Jack County Courthouse
100 N. Main St., Jacksboro, TXThe Jack County Courthouse has served as the center of county government since 1940. In 1938 the county received a grant from the federal Public Works Administration to construct a new judicial building, supplementing local bond funding. Architectural firm Voelcker & Dixon of Wichita Falls, Texas, produced a design that followed contemporary trends, blending traditional elements from classical architecture with popular modernistic forms, ornamentation, fixtures, and finishes, resulting in a richly textured and finely detailed building. The courthouse acts as the center of all upper levels of government in Jack County by providing not only the administration of law but government record storage, and a center of elections and their administration, and until recently, the county jail was housed on the 3rd floor. For its decades of service as the center of Jack County government, the courthouse is nominated in the area of Government at the local level of significance. It is also nominated in the area of Architecture at the local level of significance as an excellent example of Texas's early modern courthouses.
<h6>Jack County Historic Overview</h6>Jack County is bordered by Clay, Archer, and Montague counties to the north, Young County to the west, Palo Pinto and Parker counties to the south, and Wise County to the east.
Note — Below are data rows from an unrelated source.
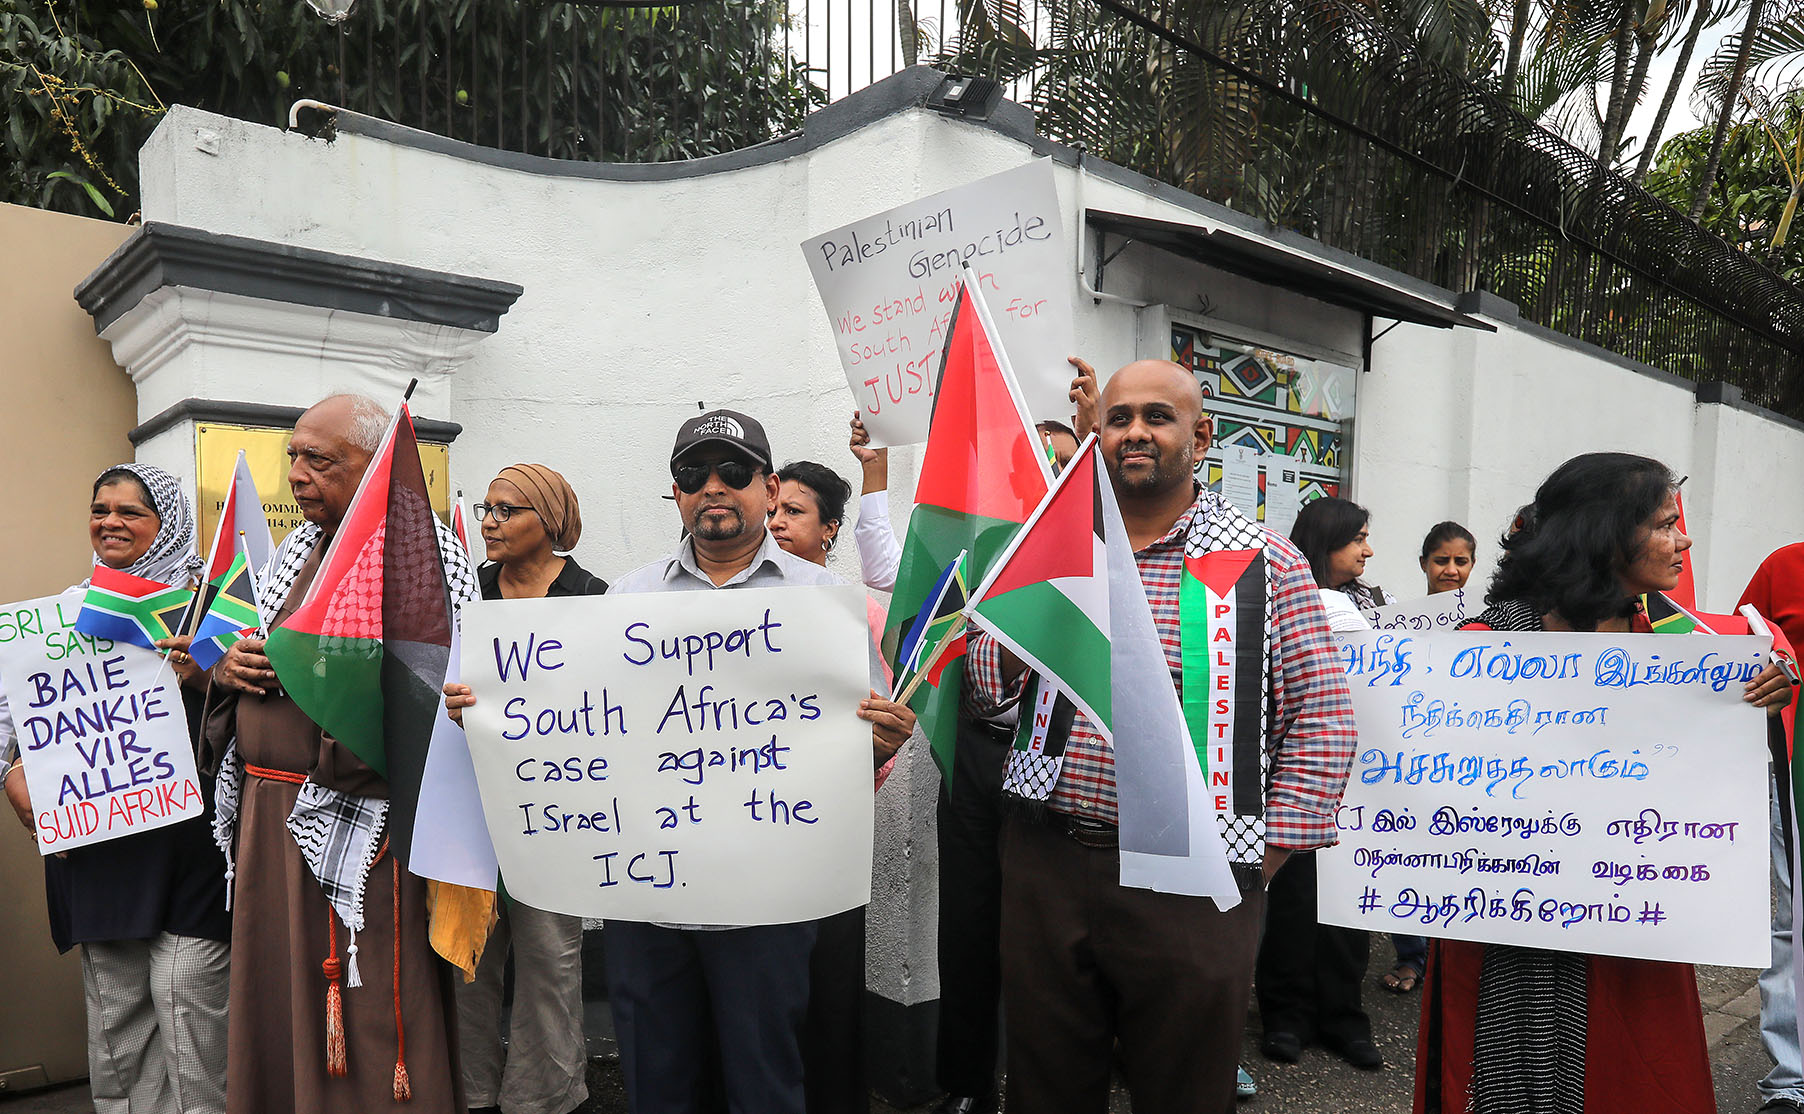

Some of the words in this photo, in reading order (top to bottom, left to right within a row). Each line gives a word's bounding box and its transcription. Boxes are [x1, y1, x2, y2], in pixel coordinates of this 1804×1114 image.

[820, 207, 953, 272] Palestinian
[908, 212, 1051, 280] Genocide
[838, 311, 867, 336] We
[939, 270, 1000, 303] wih
[850, 329, 911, 366] South
[1005, 297, 1047, 322] for
[693, 421, 727, 434] NORTH
[700, 427, 726, 435] FACE
[267, 518, 288, 529] 114,
[0, 608, 44, 642] SRI
[493, 632, 565, 683] We
[623, 608, 782, 676] Support
[28, 656, 130, 709] BAIE
[1450, 642, 1582, 684] எல்லா
[23, 687, 170, 751] DANKIE
[502, 687, 628, 741] South
[656, 684, 822, 734] Africa's
[1031, 681, 1049, 750] INE
[1212, 604, 1232, 811] PALESTINE
[76, 728, 152, 769] VIR
[516, 756, 609, 783] case
[657, 734, 791, 785] against
[57, 752, 176, 806] ALLES
[39, 803, 99, 844] SUID
[108, 779, 203, 831] AFRIKA
[655, 796, 703, 830] at
[744, 788, 820, 826] the
[1372, 807, 1417, 833] இல்
[1606, 808, 1739, 845] எதிரான
[593, 850, 688, 888] ICJ.
Before Anglo settlement, Jack County served as a borderland between the Caddo to the east and the Comanches to the west. The area of Jack County was included in the Texan Emigration and Land Company lands, more commonly known as the Peters Colony. Anglo settlers began arriving in the mid-1850s, and by 1856 the first settlement, Keechi, was established. Most early settlers arrived from the middle Southern states, many by way of Smith County or other parts of Texas. The Texas legislature approved the establishment of the county in August 1856, naming it for William H. and Patrick C. Jack, participants in the Texas Revolution. Centrally located Mesquiteville (later renamed Jacksboro) was designated county seat in 1858. The Butterfield Overland Mail served the town until 1861, and regular postal service began in 1859.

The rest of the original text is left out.